== Assignment ==
Could every line of the data be printed exactly as it reads?

[Records from a collection]

• • •

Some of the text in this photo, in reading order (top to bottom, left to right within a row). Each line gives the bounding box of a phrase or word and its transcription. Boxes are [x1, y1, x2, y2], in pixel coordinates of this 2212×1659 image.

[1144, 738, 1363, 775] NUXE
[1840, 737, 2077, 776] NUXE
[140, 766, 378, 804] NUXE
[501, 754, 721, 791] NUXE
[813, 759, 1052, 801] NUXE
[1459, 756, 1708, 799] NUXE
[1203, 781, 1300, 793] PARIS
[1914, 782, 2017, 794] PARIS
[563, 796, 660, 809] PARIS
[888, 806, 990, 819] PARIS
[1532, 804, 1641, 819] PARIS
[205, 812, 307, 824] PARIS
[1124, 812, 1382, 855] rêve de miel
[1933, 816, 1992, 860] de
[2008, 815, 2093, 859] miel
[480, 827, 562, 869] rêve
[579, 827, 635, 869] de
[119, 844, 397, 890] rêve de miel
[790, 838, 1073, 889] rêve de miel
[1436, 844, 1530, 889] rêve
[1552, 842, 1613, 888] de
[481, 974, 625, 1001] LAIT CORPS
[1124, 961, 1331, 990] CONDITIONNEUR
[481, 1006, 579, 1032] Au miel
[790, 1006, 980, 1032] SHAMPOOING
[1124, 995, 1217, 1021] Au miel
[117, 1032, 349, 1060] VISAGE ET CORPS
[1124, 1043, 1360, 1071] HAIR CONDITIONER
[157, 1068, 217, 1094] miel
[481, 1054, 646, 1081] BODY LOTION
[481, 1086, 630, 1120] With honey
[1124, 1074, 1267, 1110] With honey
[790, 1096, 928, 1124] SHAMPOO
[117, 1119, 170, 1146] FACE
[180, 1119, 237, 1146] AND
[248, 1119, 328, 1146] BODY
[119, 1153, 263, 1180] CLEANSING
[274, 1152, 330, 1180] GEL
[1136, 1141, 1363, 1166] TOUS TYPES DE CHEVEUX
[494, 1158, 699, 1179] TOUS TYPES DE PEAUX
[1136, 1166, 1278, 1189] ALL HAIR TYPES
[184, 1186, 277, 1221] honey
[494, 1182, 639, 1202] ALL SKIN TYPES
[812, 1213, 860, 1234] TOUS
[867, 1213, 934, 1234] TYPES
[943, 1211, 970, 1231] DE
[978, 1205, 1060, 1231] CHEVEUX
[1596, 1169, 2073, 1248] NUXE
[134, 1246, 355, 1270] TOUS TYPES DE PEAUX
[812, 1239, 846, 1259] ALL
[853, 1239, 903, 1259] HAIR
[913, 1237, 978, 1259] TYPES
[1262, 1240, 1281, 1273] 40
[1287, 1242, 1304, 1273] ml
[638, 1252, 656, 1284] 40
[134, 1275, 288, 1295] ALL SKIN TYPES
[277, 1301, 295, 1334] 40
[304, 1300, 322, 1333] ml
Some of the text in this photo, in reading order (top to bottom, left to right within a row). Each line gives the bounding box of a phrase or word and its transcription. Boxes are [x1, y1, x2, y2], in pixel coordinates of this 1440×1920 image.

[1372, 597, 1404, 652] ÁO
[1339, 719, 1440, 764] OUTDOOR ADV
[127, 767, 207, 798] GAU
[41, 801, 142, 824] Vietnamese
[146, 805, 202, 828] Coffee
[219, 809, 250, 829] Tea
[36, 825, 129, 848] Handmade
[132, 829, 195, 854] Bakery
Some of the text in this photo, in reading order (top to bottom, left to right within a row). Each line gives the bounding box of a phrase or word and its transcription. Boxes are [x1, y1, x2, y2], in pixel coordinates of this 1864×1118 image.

• • •

== Answer space ==
Some of the text in this photo, in reading order (top to bottom, left to right within a row). Each line gives the bounding box of a phrase or word and its transcription. Boxes are [x1, y1, x2, y2], in pixel coordinates of this 2212×1659 image.

[1144, 738, 1363, 775] NUXE
[1840, 737, 2077, 776] NUXE
[140, 766, 378, 804] NUXE
[501, 754, 721, 791] NUXE
[813, 759, 1052, 801] NUXE
[1459, 756, 1708, 799] NUXE
[1203, 781, 1300, 793] PARIS
[1914, 782, 2017, 794] PARIS
[563, 796, 660, 809] PARIS
[888, 806, 990, 819] PARIS
[1532, 804, 1641, 819] PARIS
[205, 812, 307, 824] PARIS
[1124, 812, 1382, 855] rêve de miel
[1933, 816, 1992, 860] de
[2008, 815, 2093, 859] miel
[480, 827, 562, 869] rêve
[579, 827, 635, 869] de
[119, 844, 397, 890] rêve de miel
[790, 838, 1073, 889] rêve de miel
[1436, 844, 1530, 889] rêve
[1552, 842, 1613, 888] de
[481, 974, 625, 1001] LAIT CORPS
[1124, 961, 1331, 990] CONDITIONNEUR
[481, 1006, 579, 1032] Au miel
[790, 1006, 980, 1032] SHAMPOOING
[1124, 995, 1217, 1021] Au miel
[117, 1032, 349, 1060] VISAGE ET CORPS
[1124, 1043, 1360, 1071] HAIR CONDITIONER
[157, 1068, 217, 1094] miel
[481, 1054, 646, 1081] BODY LOTION
[481, 1086, 630, 1120] With honey
[1124, 1074, 1267, 1110] With honey
[790, 1096, 928, 1124] SHAMPOO
[117, 1119, 170, 1146] FACE
[180, 1119, 237, 1146] AND
[248, 1119, 328, 1146] BODY
[119, 1153, 263, 1180] CLEANSING
[274, 1152, 330, 1180] GEL
[1136, 1141, 1363, 1166] TOUS TYPES DE CHEVEUX
[494, 1158, 699, 1179] TOUS TYPES DE PEAUX
[1136, 1166, 1278, 1189] ALL HAIR TYPES
[184, 1186, 277, 1221] honey
[494, 1182, 639, 1202] ALL SKIN TYPES
[812, 1213, 860, 1234] TOUS
[867, 1213, 934, 1234] TYPES
[943, 1211, 970, 1231] DE
[978, 1205, 1060, 1231] CHEVEUX
[1596, 1169, 2073, 1248] NUXE
[134, 1246, 355, 1270] TOUS TYPES DE PEAUX
[812, 1239, 846, 1259] ALL
[853, 1239, 903, 1259] HAIR
[913, 1237, 978, 1259] TYPES
[1262, 1240, 1281, 1273] 40
[1287, 1242, 1304, 1273] ml
[638, 1252, 656, 1284] 40
[134, 1275, 288, 1295] ALL SKIN TYPES
[277, 1301, 295, 1334] 40
[304, 1300, 322, 1333] ml
Some of the text in this photo, in reading order (top to bottom, left to right within a row). Each line gives the bounding box of a phrase or word and its transcription. Boxes are [x1, y1, x2, y2], in pixel coordinates of this 1440×1920 image.

[1372, 597, 1404, 652] ÁO
[1339, 719, 1440, 764] OUTDOOR ADV
[127, 767, 207, 798] GAU
[41, 801, 142, 824] Vietnamese
[146, 805, 202, 828] Coffee
[219, 809, 250, 829] Tea
[36, 825, 129, 848] Handmade
[132, 829, 195, 854] Bakery
Some of the text in this photo, in reading order (top to bottom, left to right within a row). Each line gives the bounding box of a phrase or word and its transcription. Boxes are [x1, y1, x2, y2], in pixel coordinates of this 1864×1118 image.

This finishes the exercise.